Gachu & another v Ndocha & another [2024] KEELC 5804 (KLR)
Full Case Text
Gachu & another v Ndocha & another (Civil Suit 41 of 2008) [2024] KEELC 5804 (KLR) (31 July 2024) (Ruling)
Neutral citation: [2024] KEELC 5804 (KLR)
Republic of Kenya
In the Environment and Land Court at Nairobi
Civil Suit 41 of 2008
OA Angote, J
July 31, 2024
Between
Stephen Mungai Gachu
1st Plaintiff
Margaret Wanjiku
2nd Plaintiff
and
Geoffrey Nyakundi Ndocha
1st Defendant
Savannah Development Company Limited
2nd Defendant
Ruling
1. Before this Court for determination is the 1st Defendant’s/Applicant’s Notice of Motion Application dated 10th October, 2023 brought pursuant to the provisions of Articles 50(1) and 159(2) of the Constitution of Kenya, 2010, Sections 3, 3A and 80 of the Civil Procedure Act, and Order 12 Rule 7, Order 17 Rule 3, Order 18 Rule 10 and Order 45 Rule 1 of the Civil Procedure Rules.
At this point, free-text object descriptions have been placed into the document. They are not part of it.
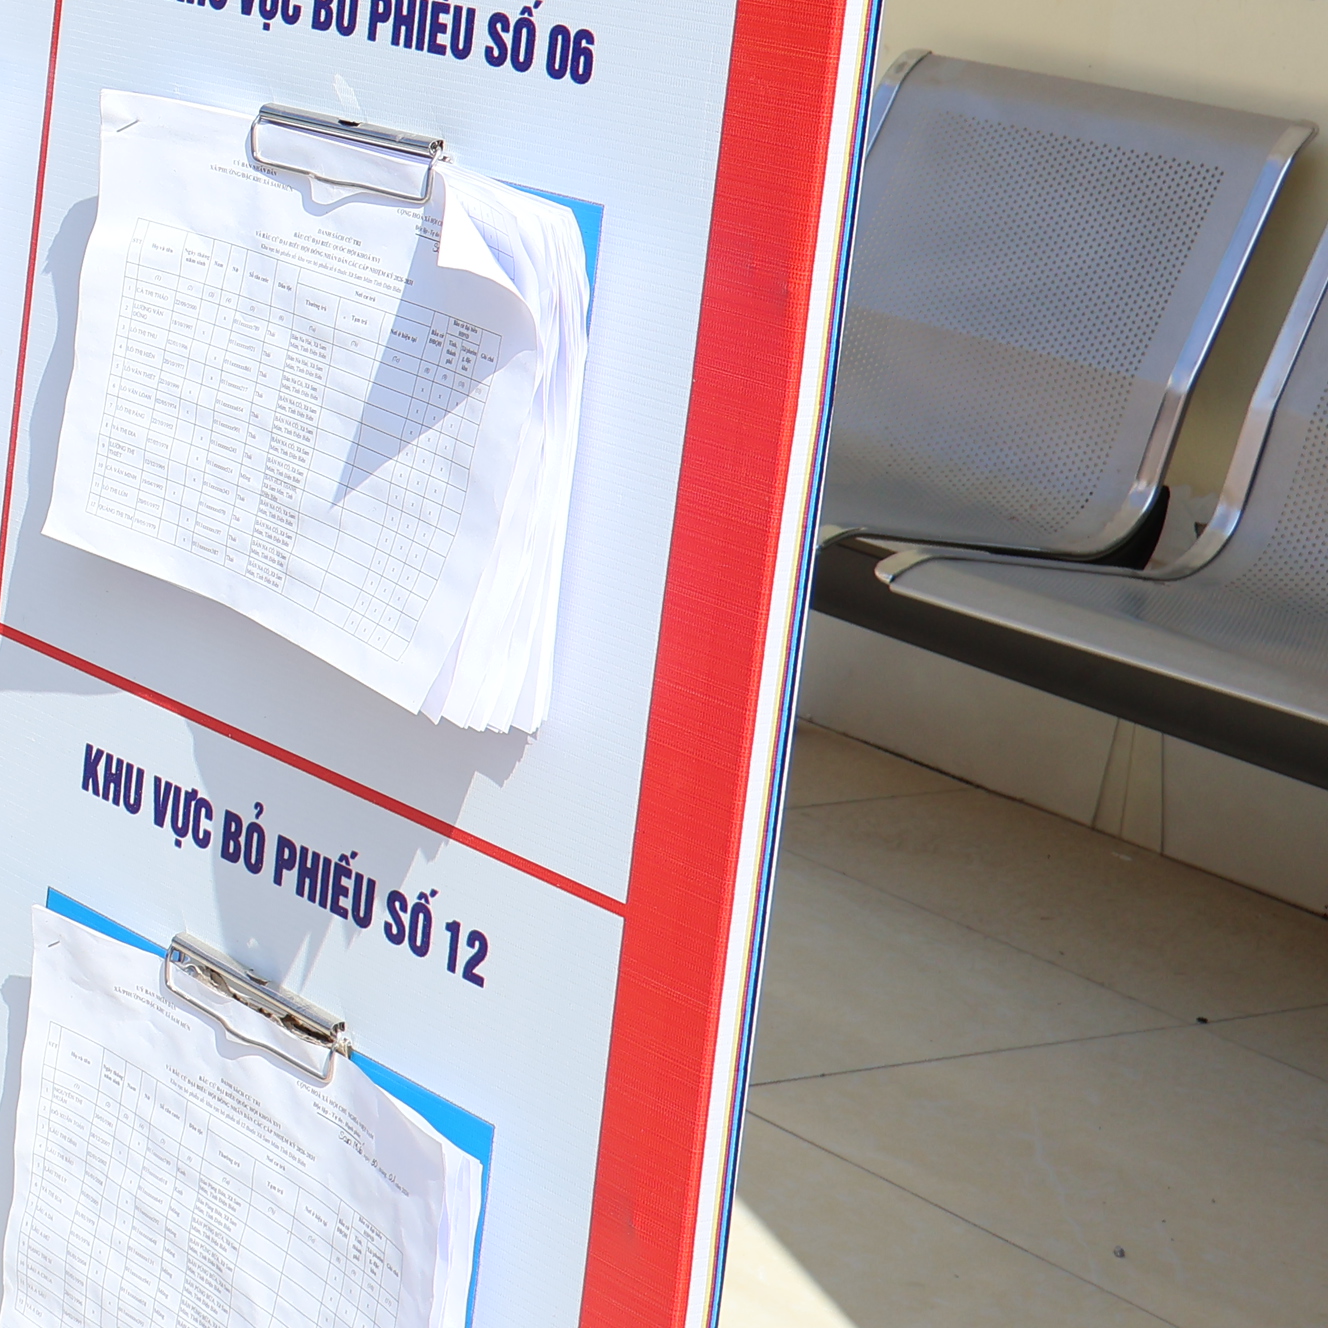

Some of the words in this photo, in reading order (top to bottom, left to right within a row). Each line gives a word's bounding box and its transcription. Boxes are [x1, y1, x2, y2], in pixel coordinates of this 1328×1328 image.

[484, 0, 542, 73] SỐ
[546, 24, 594, 85] 06
[82, 743, 144, 814] KHU
[154, 775, 213, 849] VỰC
[220, 802, 266, 874] BỎ
[273, 834, 376, 929] PHIẾU
[384, 889, 438, 957] SỐ
[445, 920, 488, 988] 12
It seeks the following reliefs;i.That the Honourable Court be pleased to review its orders made both on 4th October, 2021 as well as 28th September, 2023 with the very limited purpose of setting aside the proceedings that took place on the 4th October, 2021 and re-opening this case for de novo hearing.ii.That as an alternative to (i) above, the Honourable Court be pleased to review its orders made both on 4th October, 2021 as well as on the 28th September, 2023 with the very limited purposes of recalling the witness that testified on the 4th October, 2021 for cross-examination, and thereafter to allow the Applicant herein to tender his evidence in support of the pleadings he had filed as at 4th October, 2021. iii.That the costs of and incidental to this Application be provided for.
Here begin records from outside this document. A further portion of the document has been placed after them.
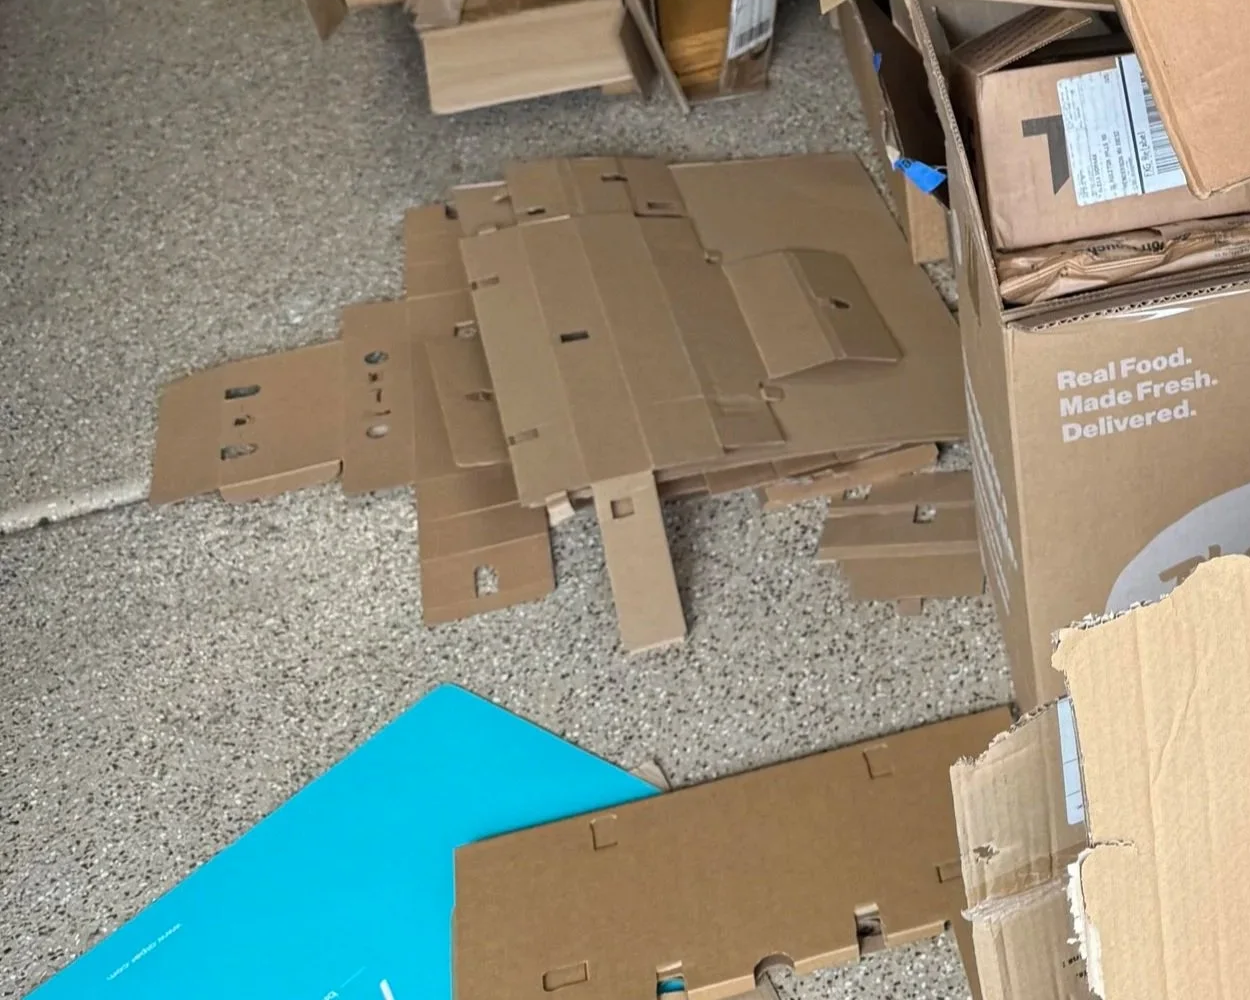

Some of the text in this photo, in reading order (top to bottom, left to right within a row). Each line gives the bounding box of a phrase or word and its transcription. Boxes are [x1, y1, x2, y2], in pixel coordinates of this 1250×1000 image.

[1056, 347, 1192, 391] Real Food.
[1059, 369, 1218, 417] Made Fresh.
[1061, 399, 1197, 443] Delivered.
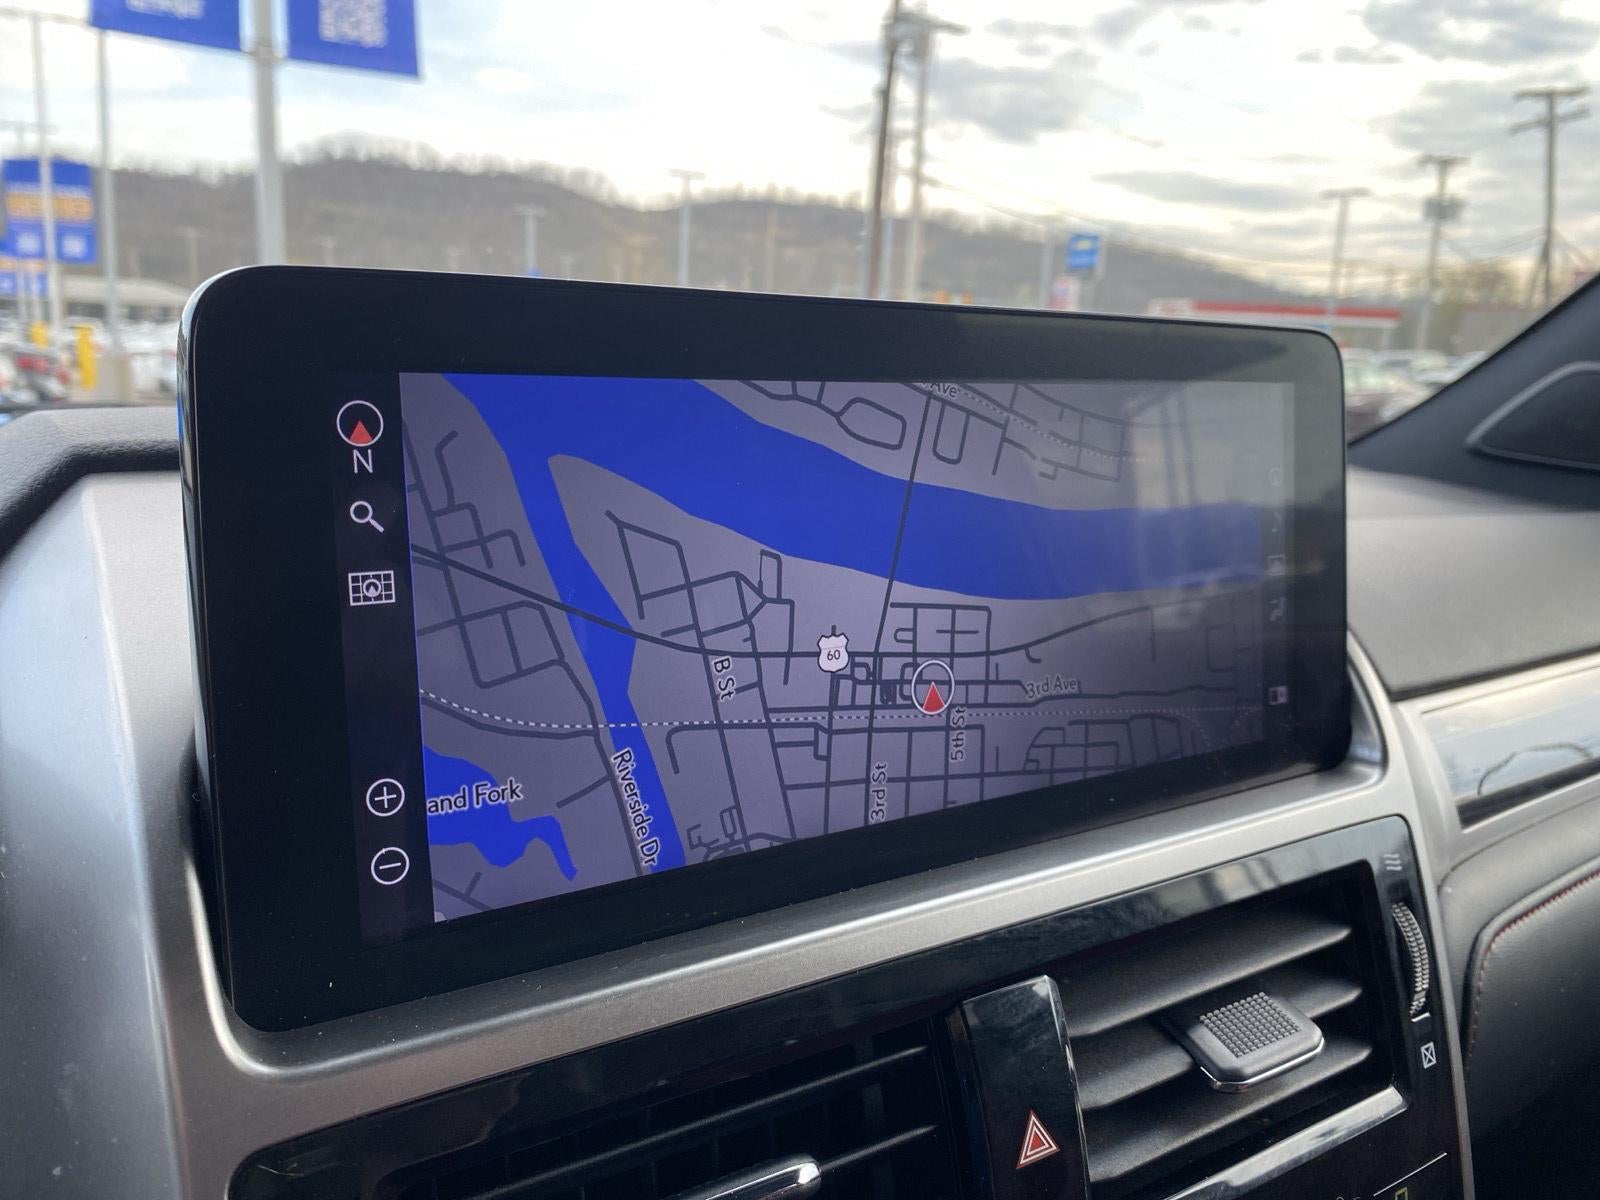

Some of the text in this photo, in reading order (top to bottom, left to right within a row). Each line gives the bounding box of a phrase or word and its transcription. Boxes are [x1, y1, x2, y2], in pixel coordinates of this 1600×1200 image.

[929, 382, 957, 398] Ave
[353, 449, 373, 473] N
[827, 649, 841, 661] 60
[713, 657, 735, 701] B St
[1026, 674, 1077, 699] 3rd Ave
[950, 707, 967, 761] 5th St
[474, 778, 522, 806] Fork
[870, 762, 887, 821] 3rd St
[612, 748, 660, 865] Riverside Dr
2. The Motion is based on the grounds on the face thereof and supported by the Affidavit of Geoffrey Nyakundi Ndocha, the 1st Defendant of an even date, who deponed that the suit was instituted vide a Plaint on 12th February, 2008; that it was initially dismissed for want of prosecution and subsequently reinstated and that at some point, one of the initial Plaintiffs died and was substituted with Alex Njoroge Gachu, the subject of this Court’s ruling on 28th September, 2023.
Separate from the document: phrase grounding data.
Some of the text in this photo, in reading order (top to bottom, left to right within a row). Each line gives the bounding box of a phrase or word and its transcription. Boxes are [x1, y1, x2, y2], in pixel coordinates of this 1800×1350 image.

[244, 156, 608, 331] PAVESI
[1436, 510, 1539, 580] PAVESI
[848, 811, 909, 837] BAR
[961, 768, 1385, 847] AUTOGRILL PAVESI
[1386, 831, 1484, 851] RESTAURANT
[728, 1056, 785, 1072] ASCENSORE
3. The 1st Defendant deposed that the matter proceeded for hearing on 4th October, 2021 and neither him nor his Counsel participated; that his failure to participate was occasioned by his belief that the suit against him by the deceased Stephen Mungai Gachu had abated; that his belief aforesaid was based on the advice of his Counsel and that from the Ruling of 28th September, 2023, the Court took a different view on the question of abatement.
4. The 1st Defendant deposed that irrespective of his position on abatement, it behooved his Counsel to attend Court on 4th October, 2021; that it is apparent his failure to attend court was occasioned by Counsel’s mistake which should not be visited upon him and that the consequence of the Ruling of 28th September, 2023 together with the proceedings of 4th October, 2021 means the case may proceed for Judgement without him tendering evidence in support of his Defence and Counterclaim.
5. It is the 1st Defendant’s case that the suit deals with land which is a sensitive issue and the parties should be allowed to present their respective cases.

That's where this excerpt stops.